Nucleic acids which may be amplified according to the methods of the invention include DNA, for example, genomic DNA, cDNA, recombinant DNA or any form of synthetic or modified DNA, RNA, mRNA or any form of synthetic or modified RNA. The nucleic acids may vary in length and may be fragments or smaller parts of larger nucleic acid molecules. The nucleic acid to be amplified is typically at least 50 base pairs in length and in some embodiments about 30,000 base pairs in length. The nucleic acid to be amplified may have a known or unknown sequence and may be in a single or double-stranded form. The nucleic acid to be amplified may be derived from any source.
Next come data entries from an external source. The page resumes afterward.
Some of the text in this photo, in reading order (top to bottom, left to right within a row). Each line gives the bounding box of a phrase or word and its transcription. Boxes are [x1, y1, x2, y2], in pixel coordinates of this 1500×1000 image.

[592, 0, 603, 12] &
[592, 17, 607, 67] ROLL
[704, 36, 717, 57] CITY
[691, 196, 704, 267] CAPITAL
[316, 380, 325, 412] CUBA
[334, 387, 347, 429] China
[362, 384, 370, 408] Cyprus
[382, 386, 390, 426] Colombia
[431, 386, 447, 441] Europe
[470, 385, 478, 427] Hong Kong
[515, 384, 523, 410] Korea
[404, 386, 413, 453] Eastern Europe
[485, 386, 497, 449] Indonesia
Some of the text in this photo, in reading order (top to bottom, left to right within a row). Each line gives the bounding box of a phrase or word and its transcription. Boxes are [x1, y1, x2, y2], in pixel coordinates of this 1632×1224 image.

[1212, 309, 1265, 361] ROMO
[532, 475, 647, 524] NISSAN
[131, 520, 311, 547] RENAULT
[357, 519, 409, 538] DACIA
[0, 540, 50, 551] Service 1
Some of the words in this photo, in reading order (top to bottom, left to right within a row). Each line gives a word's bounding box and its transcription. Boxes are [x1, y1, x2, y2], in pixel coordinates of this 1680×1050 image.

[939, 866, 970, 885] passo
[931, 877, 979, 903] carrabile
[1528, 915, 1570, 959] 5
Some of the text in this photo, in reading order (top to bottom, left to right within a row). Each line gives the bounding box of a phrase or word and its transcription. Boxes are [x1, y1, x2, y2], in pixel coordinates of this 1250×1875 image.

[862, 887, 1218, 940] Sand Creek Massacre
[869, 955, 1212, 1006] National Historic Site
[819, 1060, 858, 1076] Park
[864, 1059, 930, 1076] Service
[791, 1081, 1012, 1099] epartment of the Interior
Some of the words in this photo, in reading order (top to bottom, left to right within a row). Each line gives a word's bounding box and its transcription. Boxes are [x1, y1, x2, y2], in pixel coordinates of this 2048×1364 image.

"Nucleic acid template" as used herein refers to an entity that includes or contains the nucleic acid to be amplified or sequenced. As outlined below the nucleic acid to be amplified or sequenced can also be provided in a double stranded form. Thus, "nucleic acid templates" of the invention may be single or double stranded nucleic acids. The nucleic acid templates to be used in the method of the present invention can be of variable lengths, typically at least 50 base pairs in length and in some embodiments about 30,000 base pairs in length. The nucleotides making up the nucleic acid templates may be naturally occurring or non-naturally occurring nucleotides. The nucleic acid templates of the invention not only comprise the nucleic acid to be amplified but may in addition contain at the 5' and 3' end short sequences that are complementary to synthetic oligonucleotides
In one embodiment, either the reference DNA or target DNA, with or without prior amplification, is bound to a solid-phase matrix. This allows the simultaneous processing and screening of a large number of restriction fragments. Non-limiting examples of matrices suitable for use in the present invention include nitrocellulose or nylon filters, glass beads, magnetic beads coated with agents for affinity capture, treated or untreated microtiter plates, and the like. It will be understood by a skilled practitioner that the method by which the DNA is bound to the matrix will depend on the particular matrix used. For example, binding to nitrocellulose can be achieved by simple adsorption of DNA to the filter, followed by baking the filter at 75°-80° C. under vacuum for 15 min-2 h. Alternatively, charged nylon membranes can be used that do not require any further treatment of the bound DNA. Beads and microtiter plates that are coated with avidin can be used to bind target DNA that has had biotin attached (via, e.g., the use of biotin-conjugated PCR primers.) In addition, antibodies can be used to attach DNA to any of the above solid supports by coating the surfaces with the antibodies and incorporating an antibody-specific hapten into the target DNA.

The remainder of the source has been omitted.